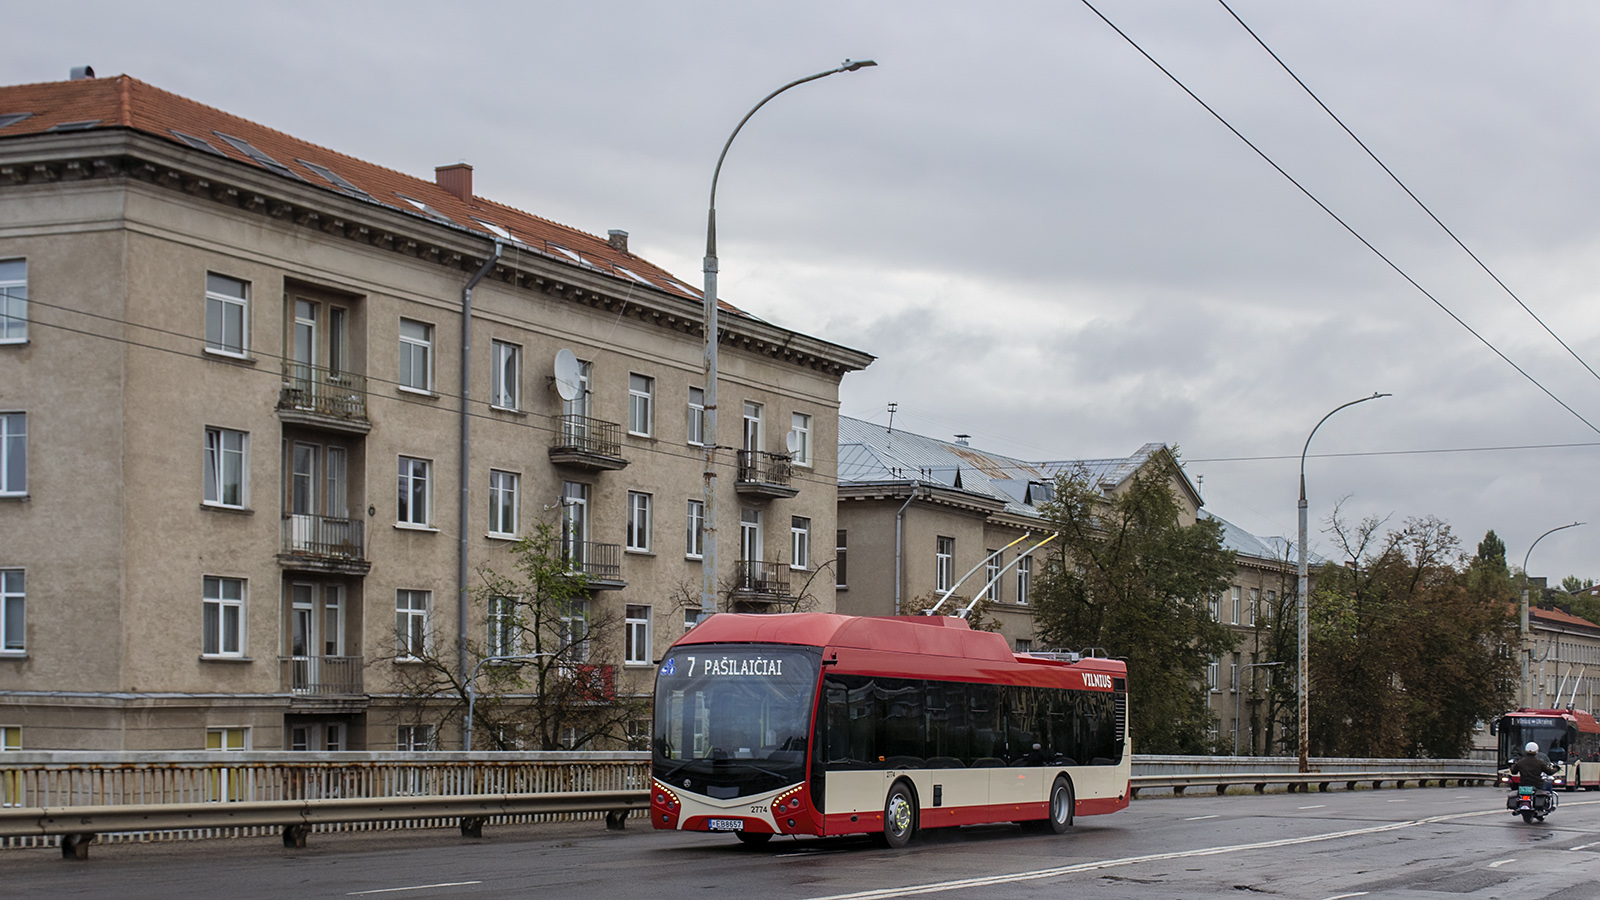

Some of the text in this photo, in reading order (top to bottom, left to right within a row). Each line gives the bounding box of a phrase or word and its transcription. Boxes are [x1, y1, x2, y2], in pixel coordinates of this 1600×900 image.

[687, 656, 782, 677] 7 PAŠILAIČIAI
[1081, 673, 1112, 688] VILNIUS
[750, 805, 768, 814] 2774
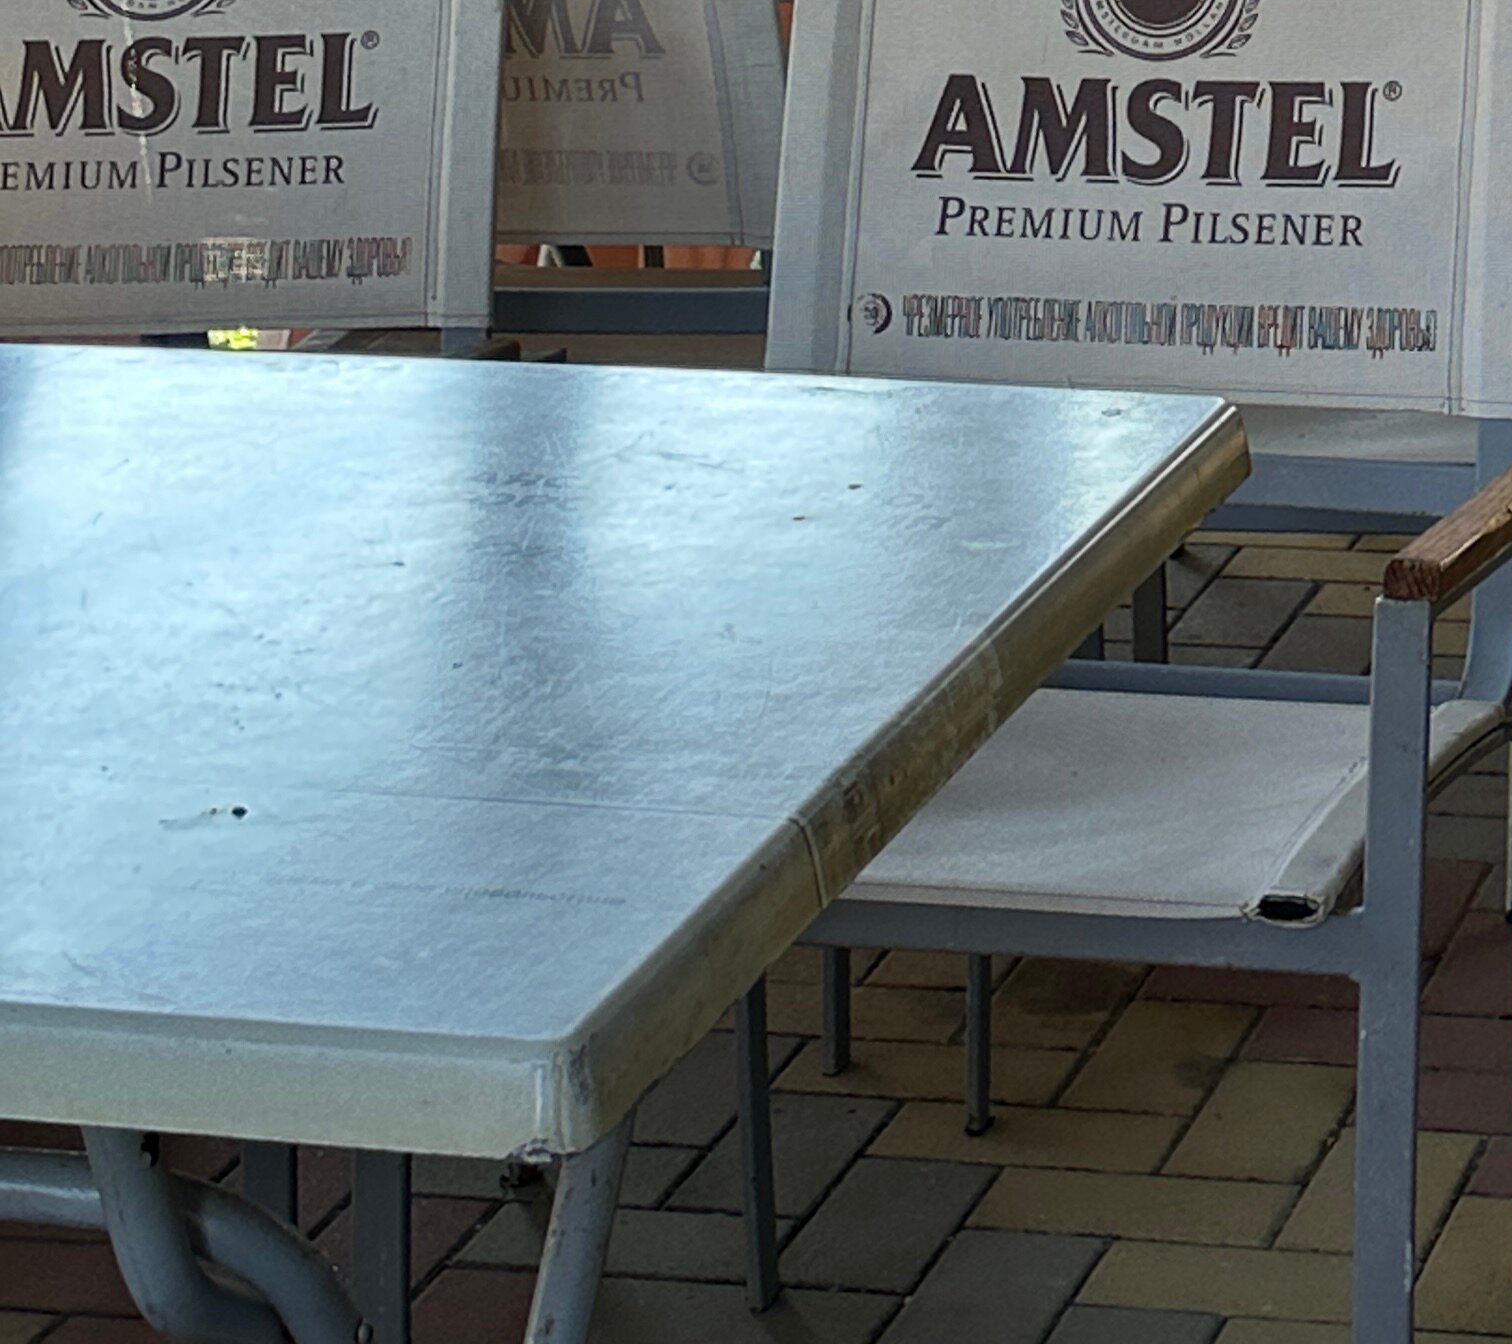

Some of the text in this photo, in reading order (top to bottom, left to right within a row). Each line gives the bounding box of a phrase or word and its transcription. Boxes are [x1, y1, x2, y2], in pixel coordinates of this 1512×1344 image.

[0, 33, 380, 138] MSTEL
[911, 74, 1401, 188] AMSTEL
[0, 151, 346, 191] EMIUM PILSENER
[935, 195, 1364, 247] PREMIUM PILSENER
● ● ● ●
Problem to solve :: If any entry holds a picture, drop the picture and copy everything else exactly.

The answer ::
Some of the text in this photo, in reading order (top to bottom, left to right within a row). Each line gives the bounding box of a phrase or word and its transcription. Boxes are [x1, y1, x2, y2], in pixel coordinates of this 1600×900 image.

[687, 656, 782, 677] 7 PAŠILAIČIAI
[1081, 673, 1112, 688] VILNIUS
[750, 805, 768, 814] 2774

Some of the text in this photo, in reading order (top to bottom, left to right within a row). Each line gives the bounding box of a phrase or word and its transcription. Boxes are [x1, y1, x2, y2], in pixel coordinates of this 1512×1344 image.

[0, 33, 380, 138] MSTEL
[911, 74, 1401, 188] AMSTEL
[0, 151, 346, 191] EMIUM PILSENER
[935, 195, 1364, 247] PREMIUM PILSENER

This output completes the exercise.